Avec la complicité de quelques amis militants qui vinrent diner hier soir et laissèrent vraisemblablement la porte d’entrée entrouverte, une escouade de pois de senteur a pris possession de mon appartement.
Je découvre cette bande de squatteurs, au réveil, alors que je suis encore empêtré dans les filins du sommeil, tandis qu’au dehors les plus hautes autorités sont tout occupées à commémorer l’armistice et à déposer des bouquets sous des arcs triomphants.
La paix se célèbre à l’extérieur, mais le plus envahissant toupet fait le siège de mon logis.

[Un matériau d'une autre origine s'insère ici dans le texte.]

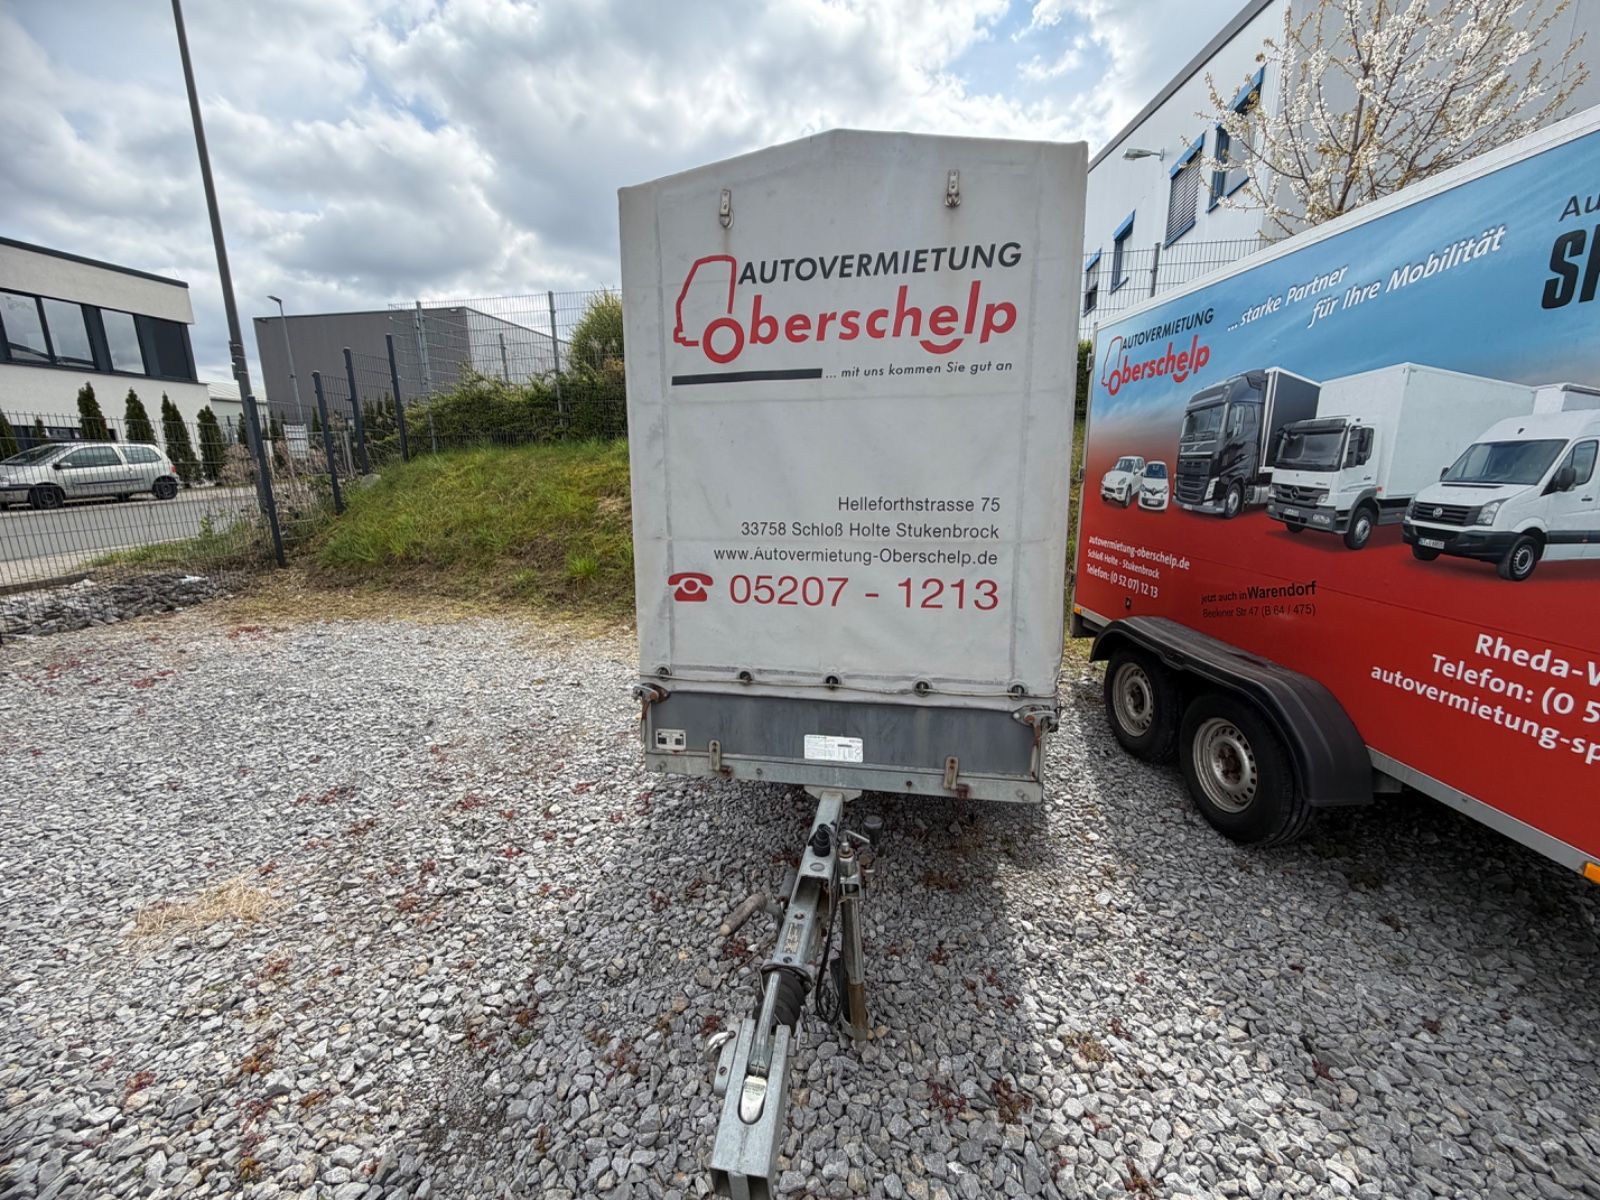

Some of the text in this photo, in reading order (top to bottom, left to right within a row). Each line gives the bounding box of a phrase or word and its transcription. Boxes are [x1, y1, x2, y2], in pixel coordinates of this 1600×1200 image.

[738, 242, 1022, 285] AUTOVERMIETUNG
[1307, 225, 1507, 329] für Ihre Mobilität
[1239, 293, 1282, 327] starke
[1285, 264, 1349, 306] Partner
[702, 280, 1017, 364] Oberschelp
[1122, 309, 1214, 350] AUTOVERMIETUNG
[841, 366, 860, 378] mit
[863, 367, 884, 377] uns
[888, 363, 941, 376] kommen
[946, 361, 965, 373] Sie
[970, 361, 992, 375] gut
[995, 362, 1012, 371] an
[1108, 334, 1210, 396] Oberschelp
[838, 496, 1000, 512] Helleforthstrasse 75
[741, 522, 999, 539] 33758 Schloß Holte Stukenbrock
[713, 547, 998, 566] www.Autovermietung-Oberschelp.de
[1089, 536, 1190, 570] autovermietung-oberschelp.de
[1105, 554, 1118, 566] Holte
[1122, 559, 1160, 579] Stukenbrock
[729, 575, 849, 607] 05207
[898, 577, 999, 610] 1213
[1086, 563, 1110, 580] Telefon:
[1119, 575, 1127, 587] 52
[1127, 578, 1140, 594] 07)
[1141, 582, 1149, 594] 12
[1150, 585, 1158, 598] 13
[1218, 592, 1237, 601] auch
[1247, 581, 1317, 599] Warendorf
[1248, 606, 1259, 616] 47
[1262, 604, 1272, 617] (B
[1274, 604, 1285, 615] 64
[1293, 603, 1317, 616] 475)
[1432, 653, 1534, 704] Telefon:

Eberlué par leur légèreté et le rose de leur teint, je tente d’établir le contact avec ce bouquet de fleurs originaires de l’Italie du Sud et de Sicile. Je leur demande, à grand renfort de gestes et de mots, pourquoi on les appelle des pois de senteur, dénomination masculine alors qu’elles explosent de féminité et de délicatesse au beau milieu de mon salon.
Elles sont ébouriffées et follement insouciantes, à peine vêtue d’une robe légère que la soie de leur pétale transforme en lolita parisiennes qui chaloupe en riant sur la tige de leurs talons aiguille trop hauts pour elles.

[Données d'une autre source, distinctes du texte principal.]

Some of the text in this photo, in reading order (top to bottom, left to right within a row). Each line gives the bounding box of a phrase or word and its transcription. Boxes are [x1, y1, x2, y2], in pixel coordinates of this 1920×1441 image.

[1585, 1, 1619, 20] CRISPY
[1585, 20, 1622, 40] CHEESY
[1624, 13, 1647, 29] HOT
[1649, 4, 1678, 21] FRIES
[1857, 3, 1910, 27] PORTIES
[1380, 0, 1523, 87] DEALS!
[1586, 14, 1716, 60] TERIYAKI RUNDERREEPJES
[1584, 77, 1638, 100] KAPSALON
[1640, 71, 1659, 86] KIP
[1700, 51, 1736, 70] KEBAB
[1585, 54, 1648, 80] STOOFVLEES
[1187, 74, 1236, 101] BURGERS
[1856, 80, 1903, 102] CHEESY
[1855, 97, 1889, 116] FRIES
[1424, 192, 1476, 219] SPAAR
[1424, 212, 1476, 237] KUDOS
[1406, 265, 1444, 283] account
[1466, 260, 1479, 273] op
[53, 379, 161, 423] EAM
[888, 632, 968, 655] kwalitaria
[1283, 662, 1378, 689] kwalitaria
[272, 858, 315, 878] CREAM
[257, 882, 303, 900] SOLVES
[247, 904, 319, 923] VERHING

Elle ressemble à des ambassadrices du printemps qui jouent au mikado avec leur tige rectiligne et leur silhouette de spaghetti, s’entremêlant de ce qui ne les regardent pas.
Curieuses commères échevelées et vaporeuses à la terrasse ensoleillée de la table de mon salon, elles ont délibérément décidé de finir leurs jours dans mon appartement. Bronzant sous un rayon de soleil, ça piaille de rose et jacte de carmin.
Conciliabule de féminité et de charme, elles sont aguicheuses comme des bohémiennes ressemblant à Gina Lollobrigida qui vous tendraient une fausse pétition et en profiteraient pour vous faire les poches que la nuit a laissé sous mes yeux.
Tout ce qu’elles me dérobent de clinquant et de précieux elles s’empressent de l’accrocher au reflet de leur pétales, et se sauvent en riant comme une volée de moineaux facétieux.
Conciliant envers ces frivoles migrantes et bouleversé par leur beauté sauvage, j’accepte de les accueillir sous mon toit, sans prévenir le ministère du logement ou faire une main courante au commissariat le plus proche.
Je me réjouis secrètement de ces quelques jours de Dolce Vita que je vais passer avec ces splendeurs échevelées mais joyeuses, à parler de la pluie et du beau temps, à les écouter me raconter les paysages époustouflants de leur Sicile natale.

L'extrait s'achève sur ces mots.